Records from a collection:
________________

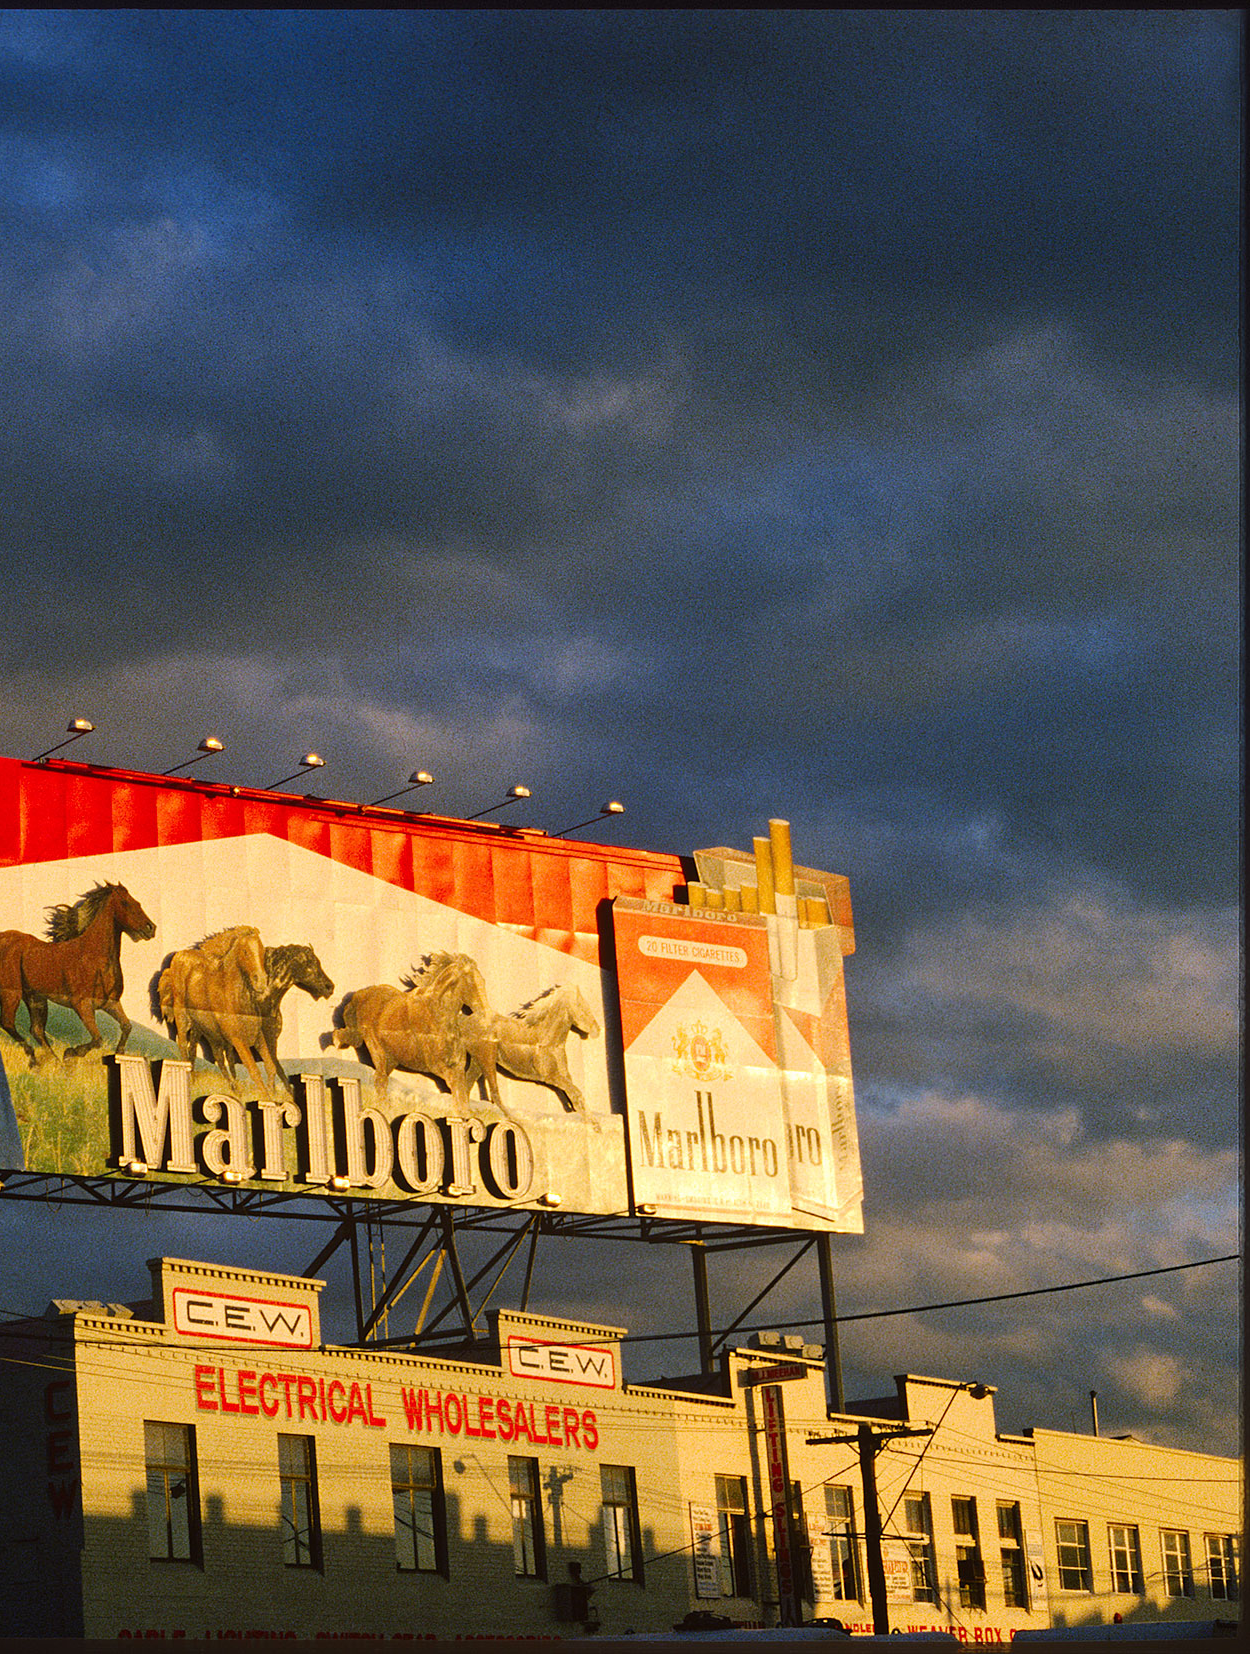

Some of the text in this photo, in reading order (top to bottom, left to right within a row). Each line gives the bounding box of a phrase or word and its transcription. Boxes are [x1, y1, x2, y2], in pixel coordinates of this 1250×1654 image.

[642, 901, 738, 922] Marlboro
[646, 940, 740, 963] 20 FILTER CIGARETTES
[114, 1054, 534, 1199] Marlboro
[638, 1089, 779, 1178] Marlboro
[186, 1300, 304, 1337] C.E.W.
[519, 1347, 608, 1378] C.E.W.
[194, 1364, 599, 1451] ELECTRICAL WHOLESALERS
[764, 1387, 794, 1595] LIFTING SLINGS
[974, 1627, 1003, 1646] BOX
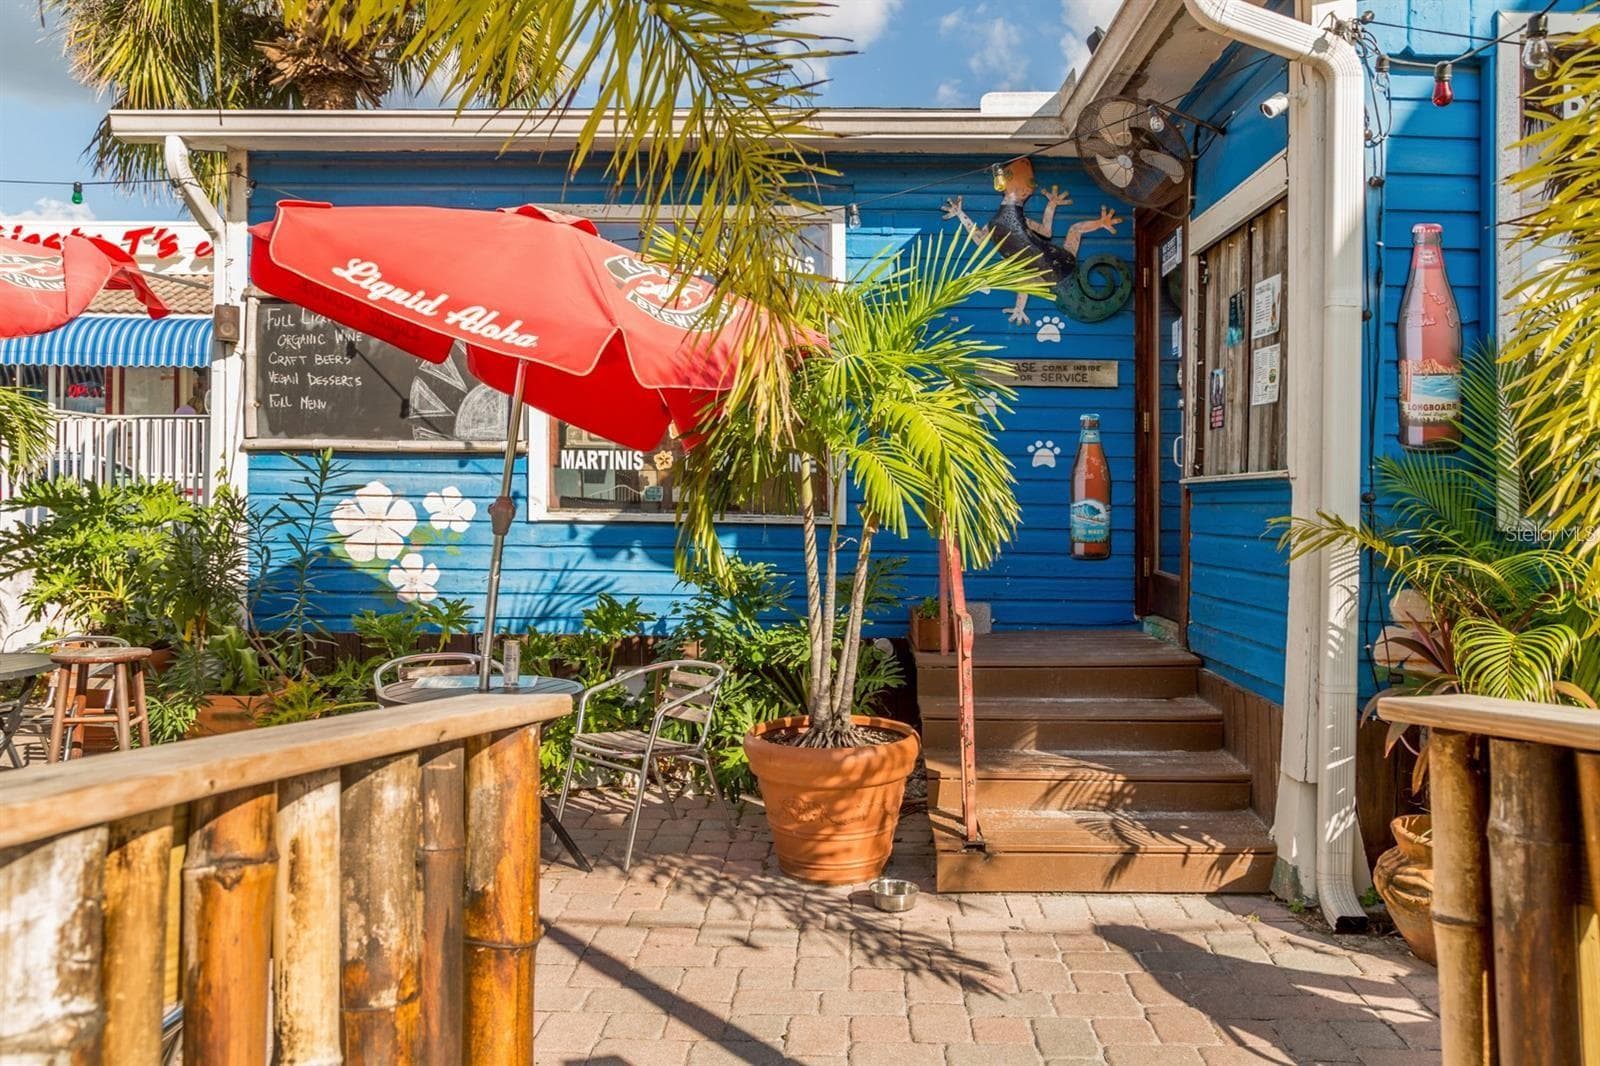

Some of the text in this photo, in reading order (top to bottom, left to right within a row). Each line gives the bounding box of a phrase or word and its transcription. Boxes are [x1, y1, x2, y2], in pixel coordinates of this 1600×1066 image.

________________

**WHAT IS NEEDED**
Please set down every record above exactly as it appears, leaving out the pictures.

**EXPECTED ANSWER**
Some of the text in this photo, in reading order (top to bottom, left to right within a row). Each line gives the bounding box of a phrase or word and its transcription. Boxes are [x1, y1, x2, y2], in pixel coordinates of this 1250×1654 image.

[642, 901, 738, 922] Marlboro
[646, 940, 740, 963] 20 FILTER CIGARETTES
[114, 1054, 534, 1199] Marlboro
[638, 1089, 779, 1178] Marlboro
[186, 1300, 304, 1337] C.E.W.
[519, 1347, 608, 1378] C.E.W.
[194, 1364, 599, 1451] ELECTRICAL WHOLESALERS
[764, 1387, 794, 1595] LIFTING SLINGS
[974, 1627, 1003, 1646] BOX

Some of the text in this photo, in reading order (top to bottom, left to right within a row). Each line gives the bounding box of a phrase or word and its transcription. Boxes are [x1, y1, x2, y2], in pixel coordinates of this 1600×1066 image.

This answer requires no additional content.